Birgün’de, 2012’de yazdığım ‘Sol süpermarketler kurulsun’ başlıklı yazımda, “Üreten biziz ama yöneten olamadık. Tüketen de biziz ama yine yöneten değiliz. Zincirin tamamında söz sahibi olmadıkça işimiz zor” demiştim. Destek veren çok oldu ama işe nereden başlayacağımız belli değildi. Eminim siz de benim gibi, bir ürüne ya da emek desteğine ihtiyacınız olduğunda onu yanlış kişilerden almamaya, eşe dosta sorup aynı politik görüşteki kişileri bulmaya çalışıyorsunuz. Kurumsal yapılar olmadan yüzde 100 başarının zor olduğunu da görmüşsünüzdür.

İlk hedef mahalle ve semt marketleri olmalı. Aramızda bu yatırımı yapacak birikime sahip kişiler var. 100 ortakla ya da 5 ortakla; önemli olan başlangıç. Onların birleşip ilk marketleri açması, olan markete ortak olarak güçlendirmesi, bizlerin ise alışverişlerimizi bu marketlerden yapmamız yeterli. Hızlı sermaye birikimi için marketler önemli. İkinci market açılırken daha fazla ortak alınmasına fırsat sağlayacak sermaye birikimi de sağlanmış olur. Marketlerin sayısı arttıkça, üretim yapan tarım kooperatifleri kurulabilir ve marketlerin gıda ihtiyacı bu kooperatiflerden karşılanabilir.
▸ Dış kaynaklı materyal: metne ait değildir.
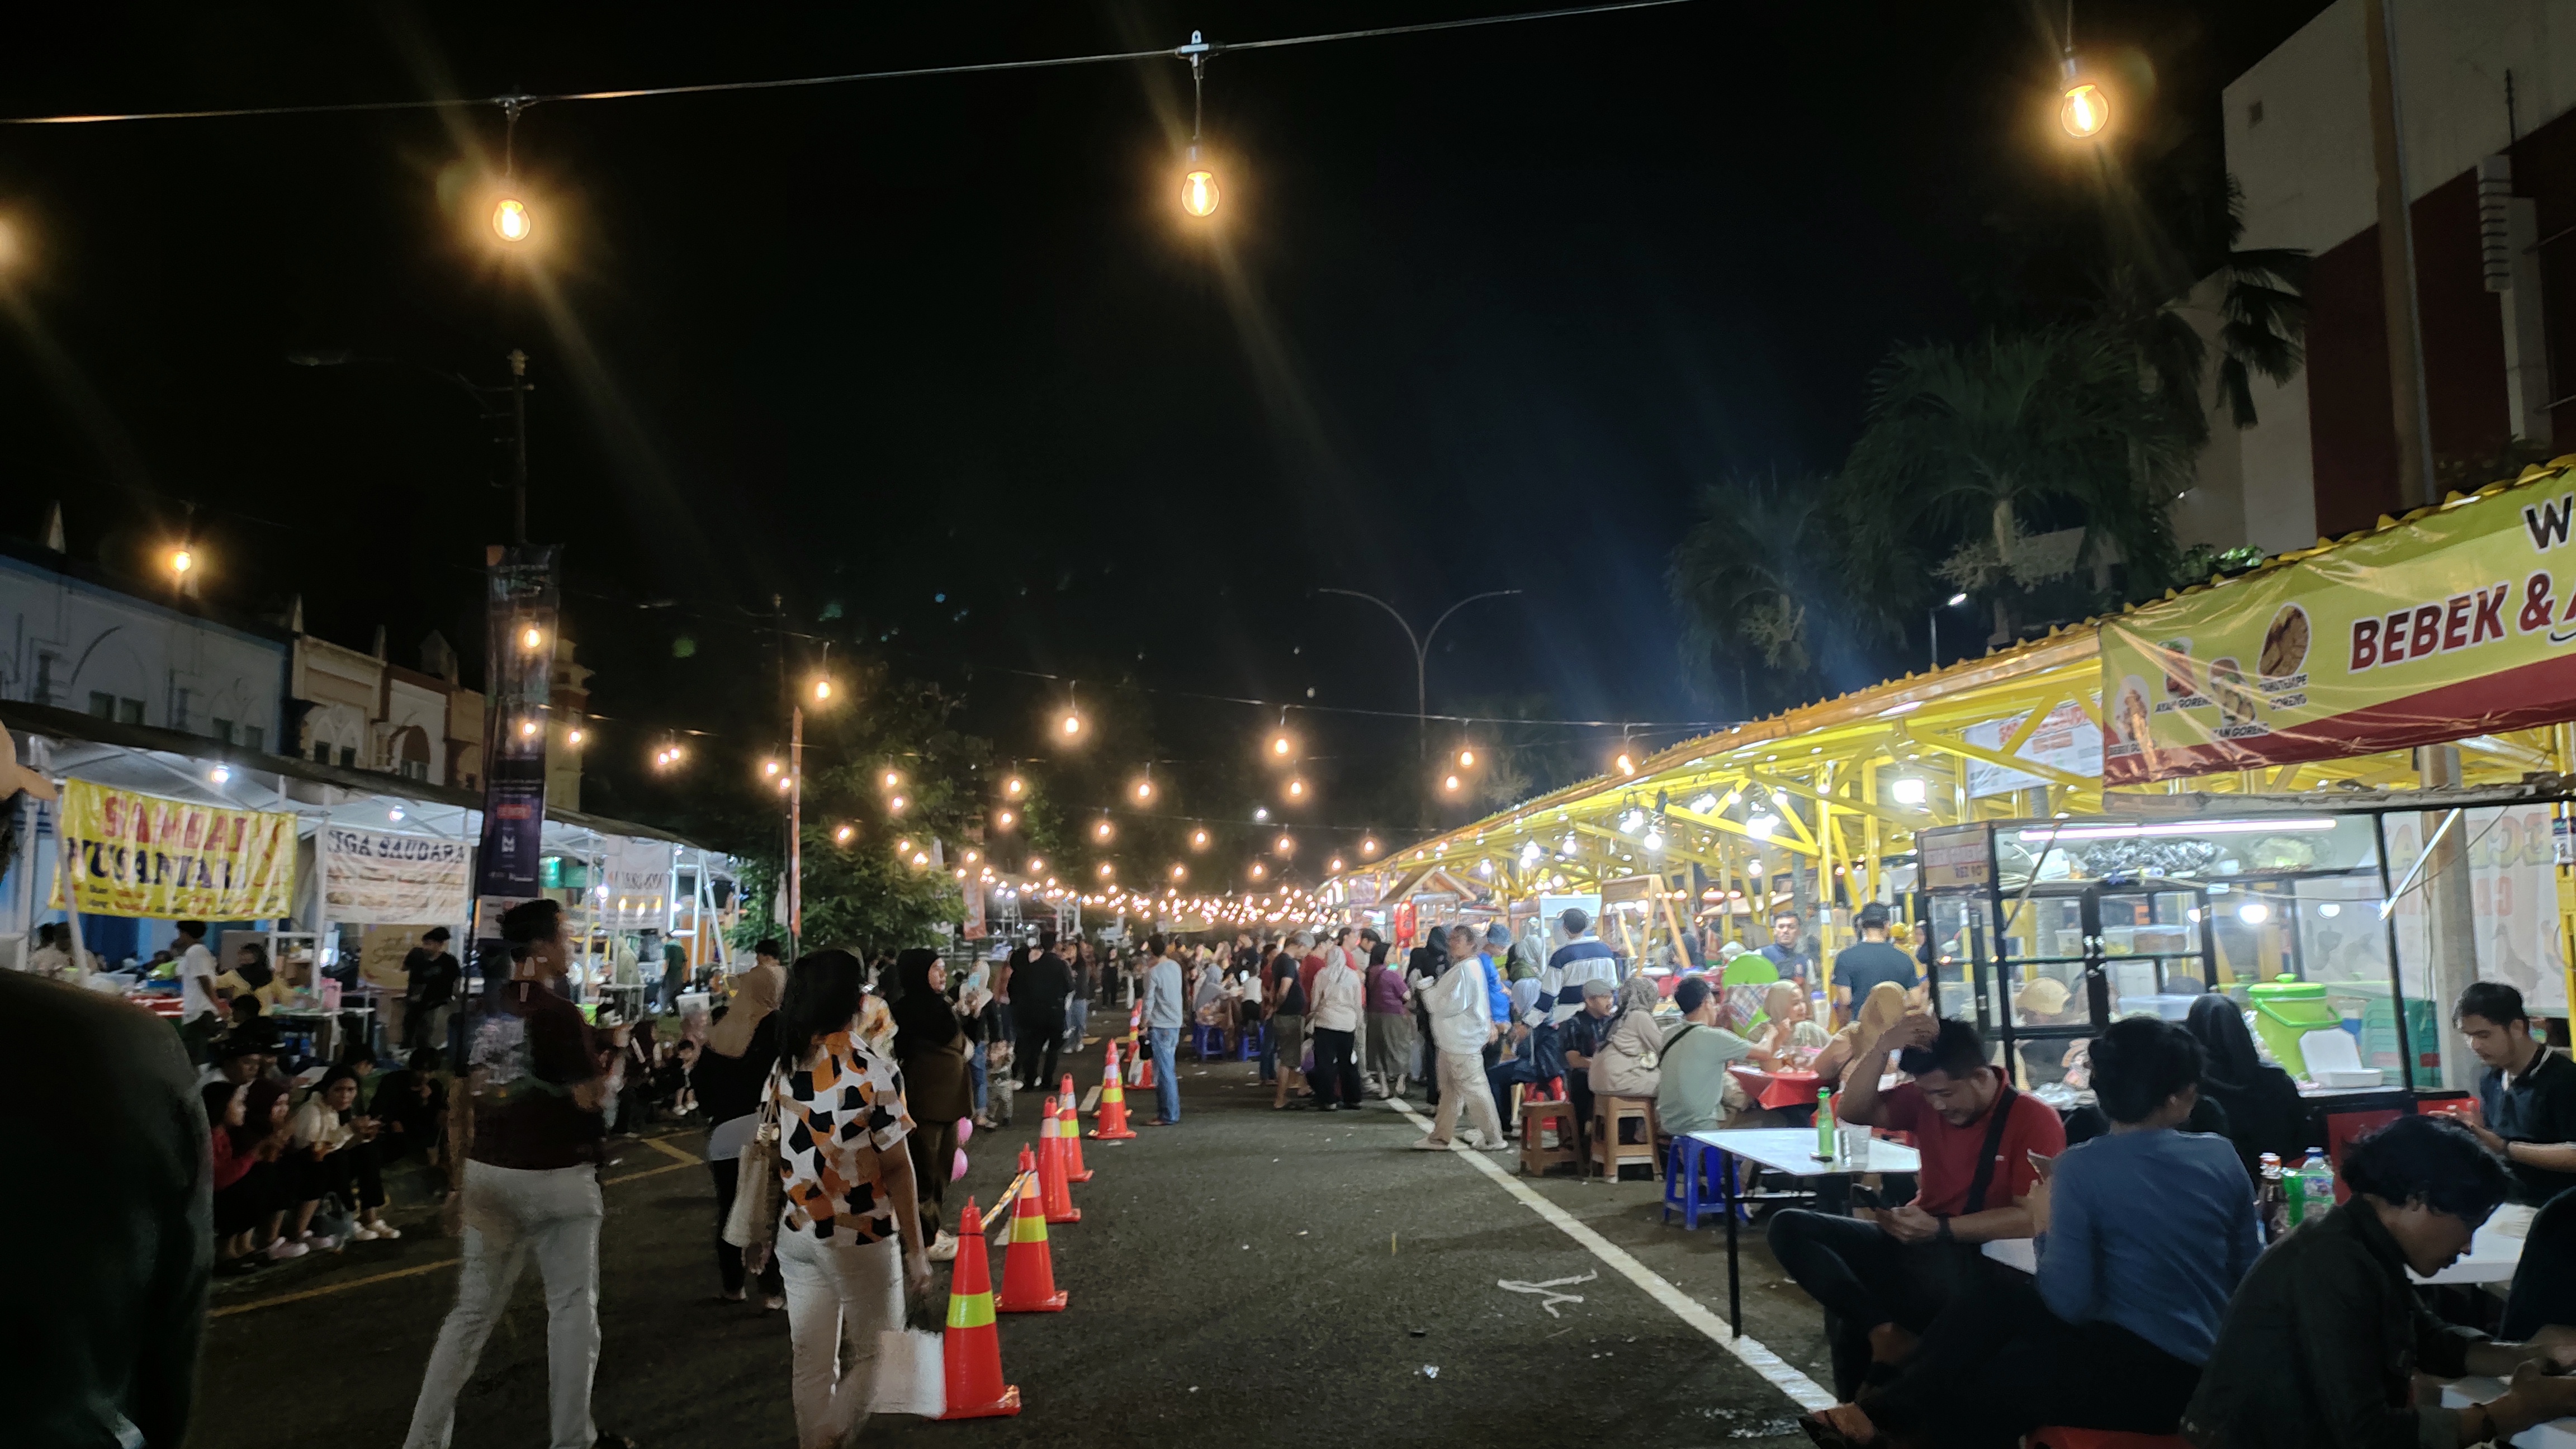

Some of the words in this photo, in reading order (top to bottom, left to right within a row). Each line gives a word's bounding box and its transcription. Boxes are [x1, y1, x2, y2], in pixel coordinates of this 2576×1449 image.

[2350, 583, 2509, 671] BEBEK
[2519, 572, 2555, 631] &
[377, 836, 465, 864] SAUDARA
Böylece üretim ayağı da oluşmaya başlar. İşsiz dostlarımıza marketlerde, fabrika ve çiftliklerde iş sağladığımız gibi çalışanların adil ücretler almasını, aracıların ortadan kalkmasını sağlayabiliriz. Okullar, üniversiteler ve bugün ticari faaliyetlerimizde kullandığımız her araç kolektif girişimler sayesinde kurulabilir. En azından paramızın nereye gittiğini biliriz. Doğramacıdan boya ustasına, bu yapılar sayesinde dayanışmayı genişletir, orman katillerine, betona tapanlara, sokakları gaza boğanlara değil, bizi özgür bir hayata davet edenlere destek vermiş oluruz.